5 What about tarsiers? Tarsiers represent an odd line of evolution in the primate radiation. Their overall small size and strange body confused early investigators, and tarsiers were grouped with lorises, galagos, and lemurs as prosimian primates, that is, below the monkey (simian) level. That classification has now been changed, and the molecular evidence places them as an early surviving branch of the anthropoid radiation (Ross and Kay, 2004). What is unusual about the evolution of tarsiers is that early anthropoids were diurnal and specialized for daytime vision, and the tarsier line started off as diurnal, having lost its specializations for nocturnal vision, but then returned to nocturnal life by re-specializing for dim light. This largely consisted of evolving huge eyes relative to the head.
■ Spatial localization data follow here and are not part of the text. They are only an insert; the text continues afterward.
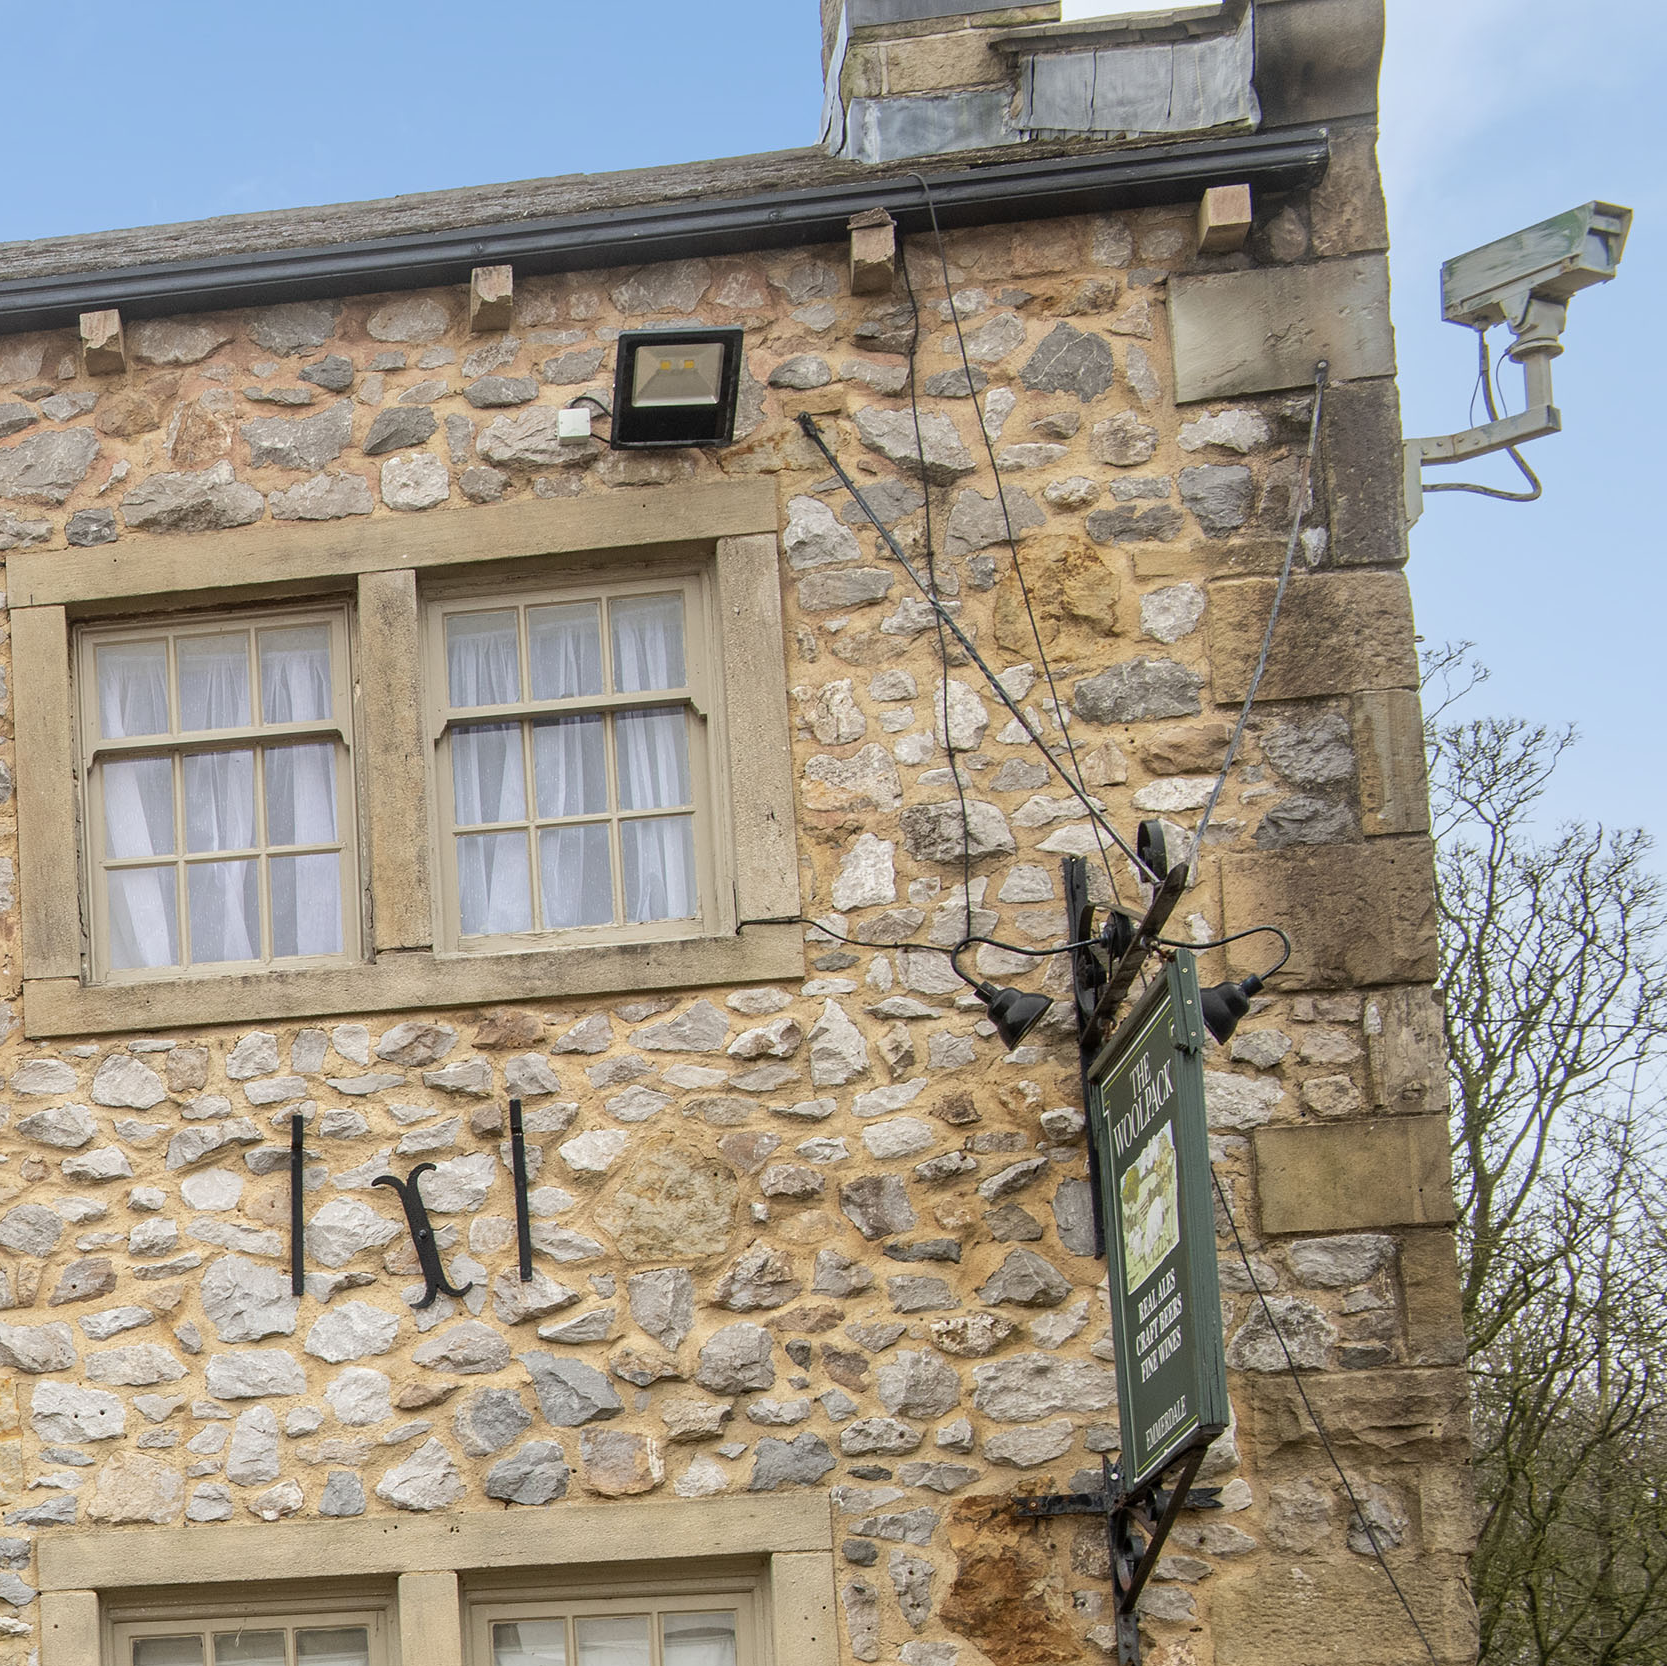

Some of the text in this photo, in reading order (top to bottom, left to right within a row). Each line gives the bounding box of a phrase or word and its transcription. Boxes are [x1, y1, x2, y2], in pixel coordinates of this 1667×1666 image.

[1129, 1051, 1152, 1100] THE
[1113, 1057, 1175, 1159] WOOLPACK
[1135, 1292, 1183, 1357] CRAFT BEERS
[1137, 1267, 1177, 1325] REAL ALES
[1140, 1325, 1182, 1384] FINE WINES
[1145, 1394, 1188, 1452] EMMERDALE
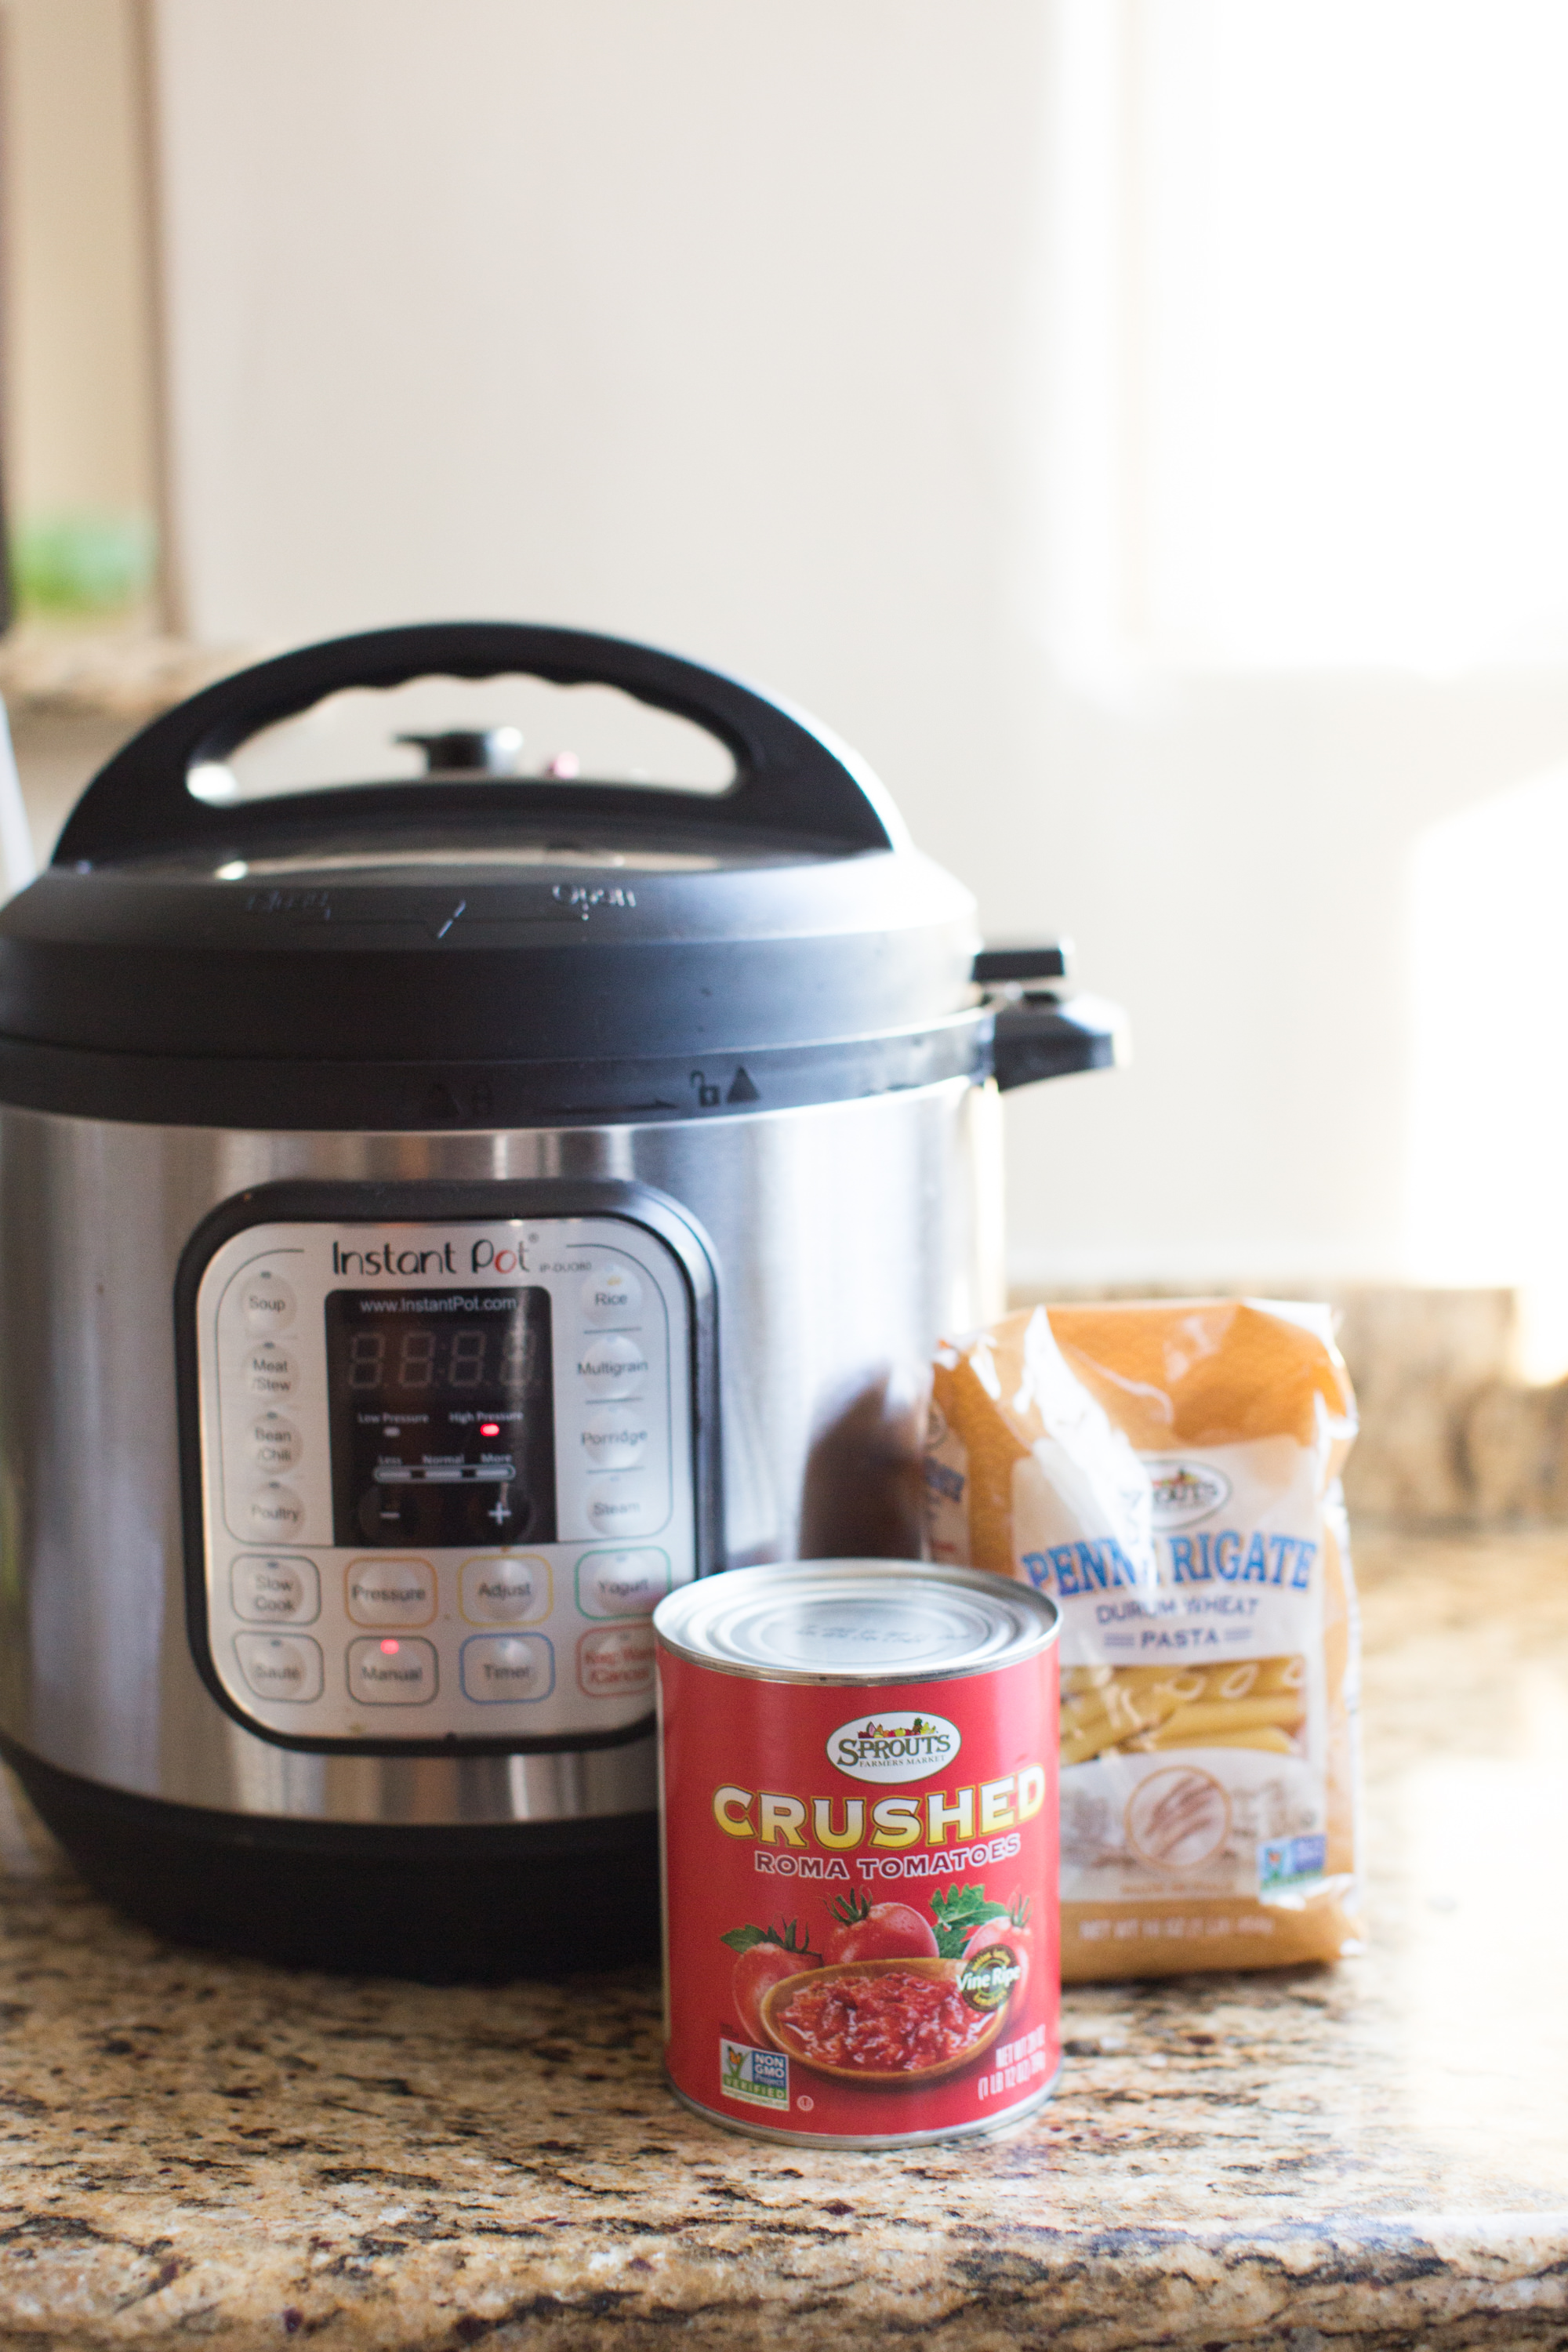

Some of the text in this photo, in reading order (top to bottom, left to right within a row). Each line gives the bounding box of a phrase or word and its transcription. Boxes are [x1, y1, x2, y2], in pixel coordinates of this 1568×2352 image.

Consistent with their reclassification, the dorsal lateral geniculate lamination pattern of tarsiers is clearly of the anthropoid type, rather than of the strepsirrhine type (Wong et al., 2010). Interestingly, the primary visual cortex, V1 of tarsiers is proportionately greater than almost any other primate at 20% or more of all visual cortex. As an extreme visual predator of insects and other small prey, tarsiers depend on a large V1 for the detailed representation that is needed for this function. As tarsiers are small, and have small brains, this dependence on a large V1 may have cost them in number of cortical areas. They have a V2 and MT and likely other visual areas, but little posterior parietal cortex and little prefrontal cortex.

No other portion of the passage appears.